Work instruction: No line before the one containing "Some of the text" is to be output; retype exactly that line and all lines that follow it to the end of the records.

Material shown:
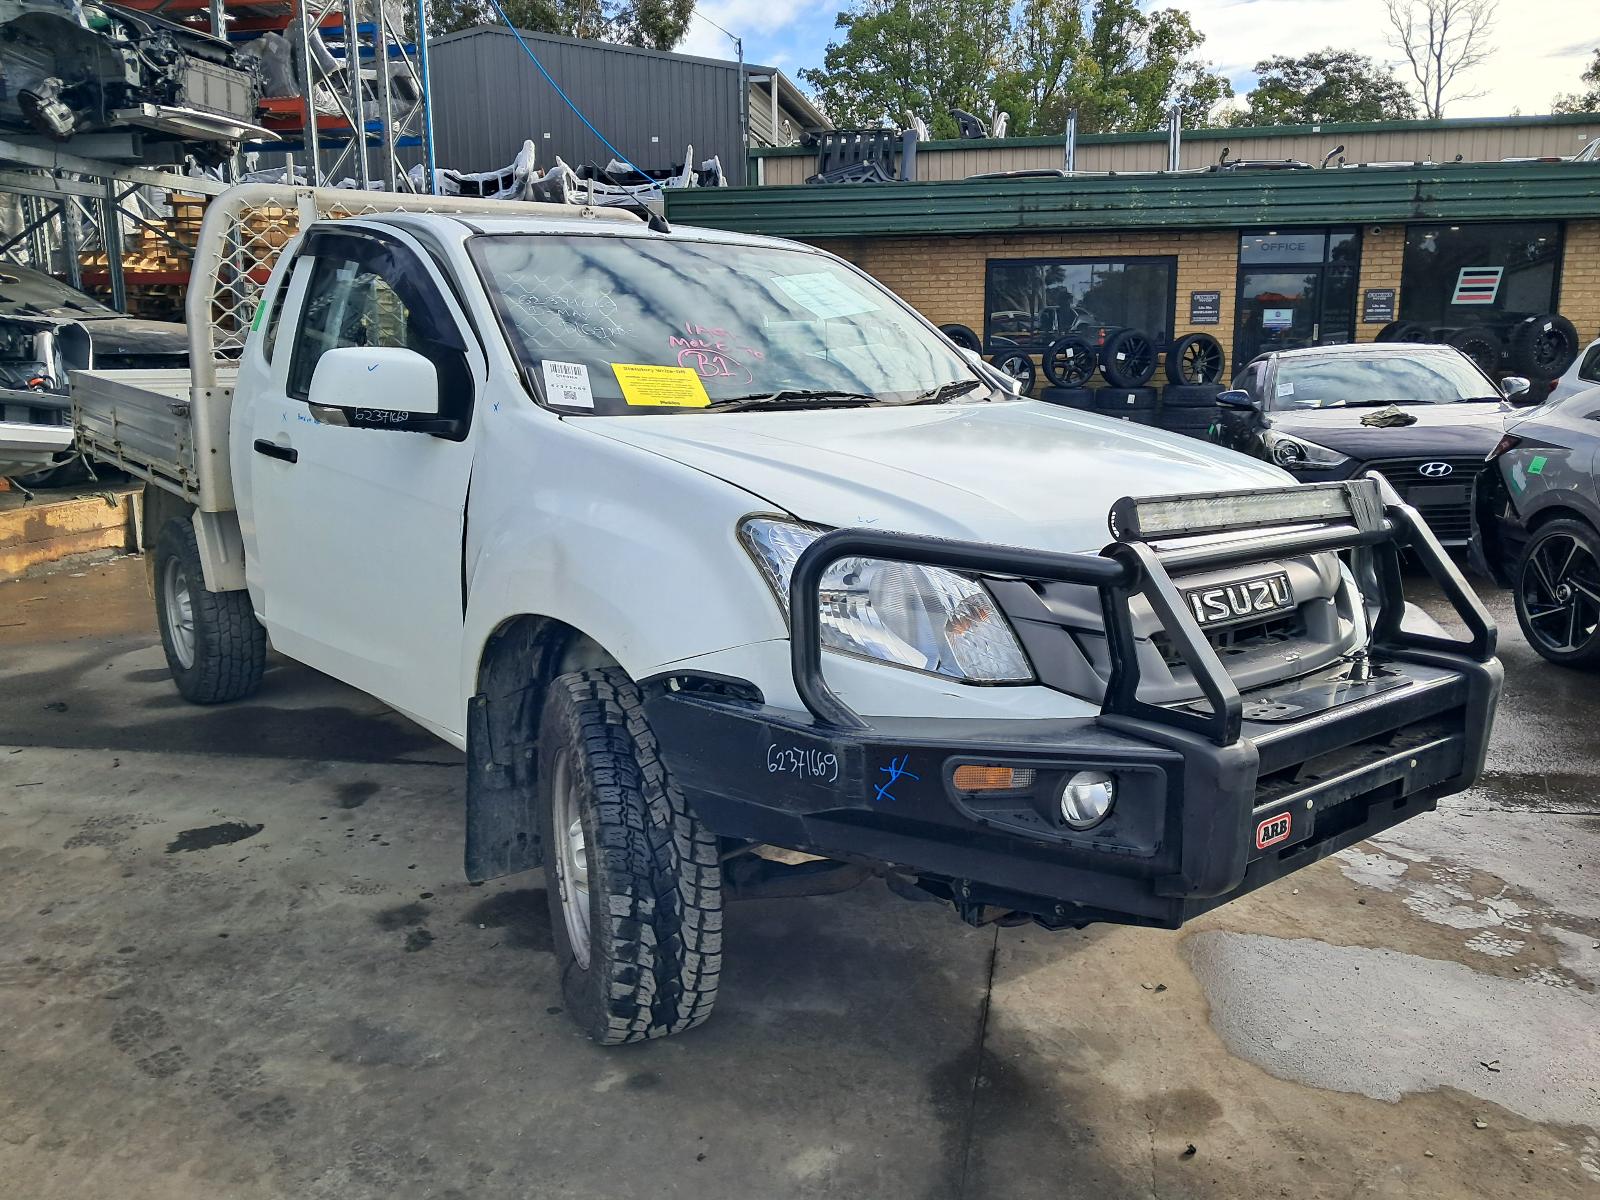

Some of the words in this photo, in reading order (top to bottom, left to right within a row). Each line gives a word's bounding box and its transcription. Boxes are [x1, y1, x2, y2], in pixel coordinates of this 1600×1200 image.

[1261, 242, 1305, 251] OFFICE
[1190, 576, 1290, 623] ISUZU
[766, 743, 839, 783] 62371669
[1261, 819, 1288, 843] ARB
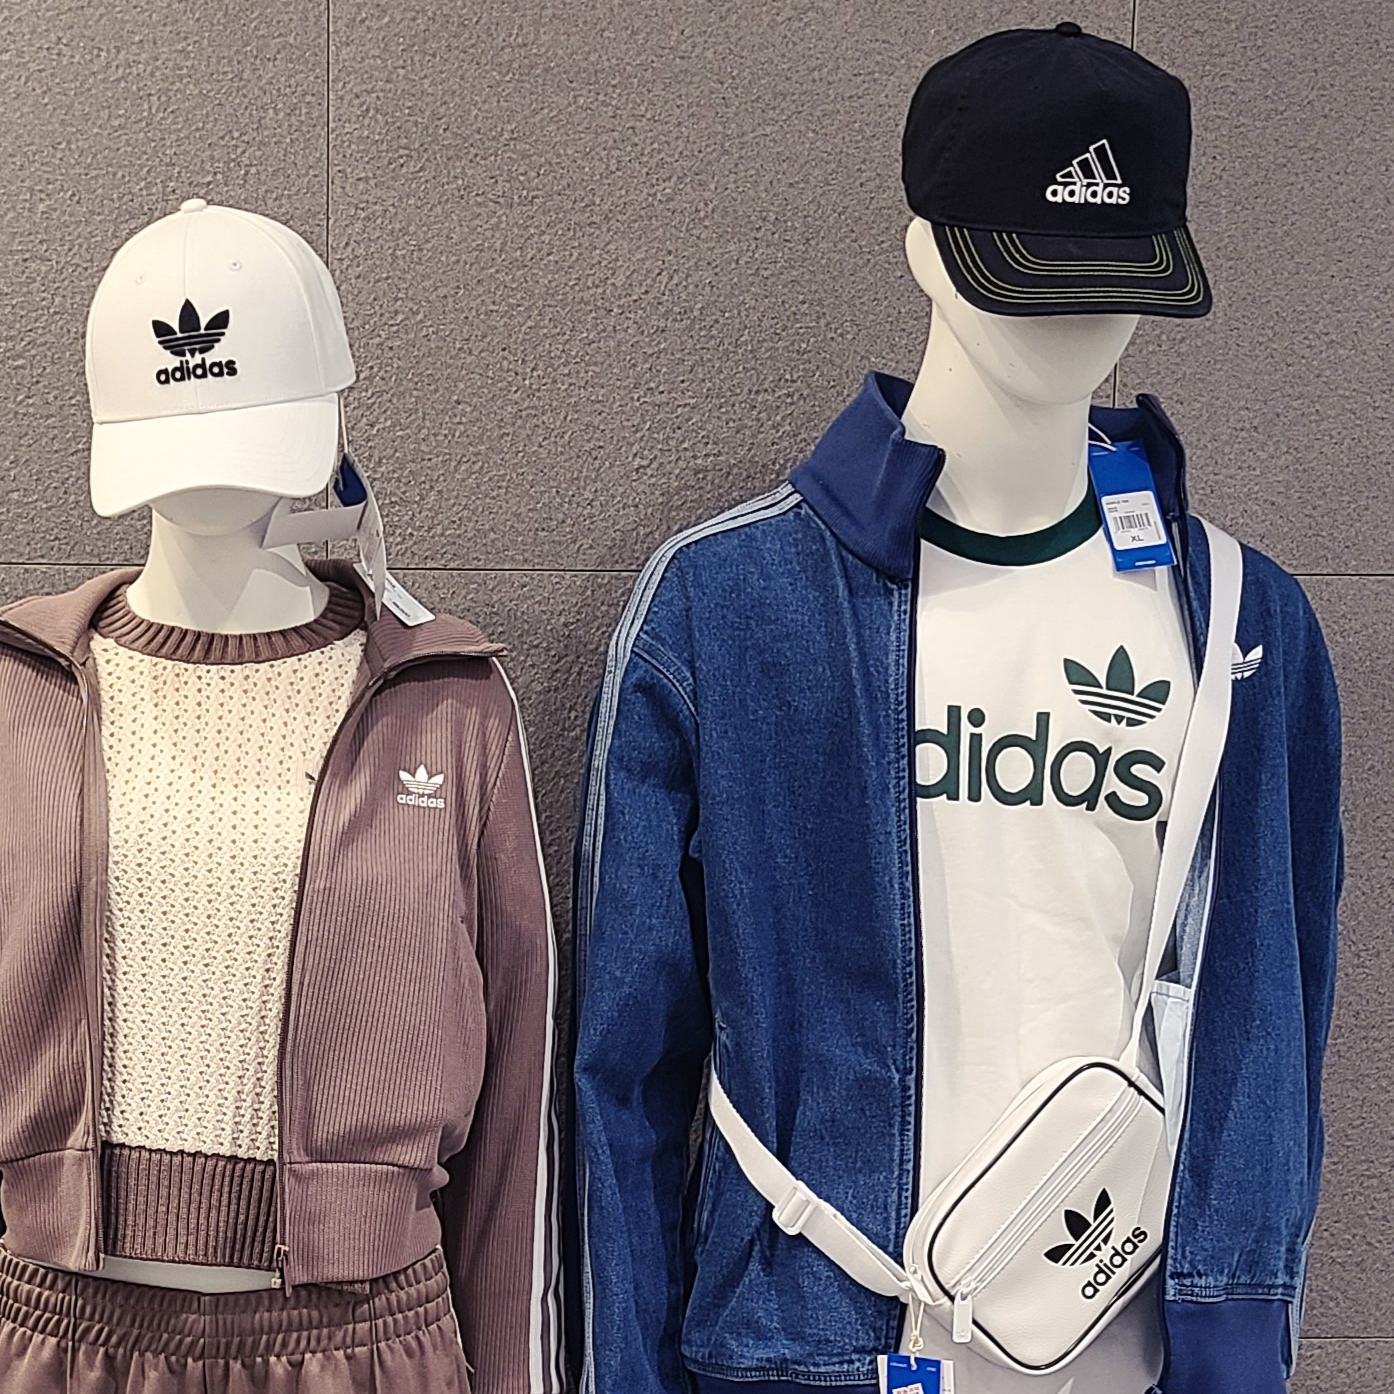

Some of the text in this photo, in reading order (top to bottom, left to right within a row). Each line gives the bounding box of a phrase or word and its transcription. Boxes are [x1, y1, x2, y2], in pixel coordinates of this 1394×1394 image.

[1045, 181, 1130, 205] adidas
[155, 356, 238, 385] adidas
[1130, 535, 1144, 543] XL
[914, 704, 1166, 822] didas
[396, 793, 445, 809] adidas
[1081, 1226, 1148, 1300] adidas

Reply:
Some of the text in this photo, in reading order (top to bottom, left to right within a row). Each line gives the bounding box of a phrase or word and its transcription. Boxes are [x1, y1, x2, y2], in pixel coordinates of this 1394×1394 image.

[1045, 181, 1130, 205] adidas
[155, 356, 238, 385] adidas
[1130, 535, 1144, 543] XL
[914, 704, 1166, 822] didas
[396, 793, 445, 809] adidas
[1081, 1226, 1148, 1300] adidas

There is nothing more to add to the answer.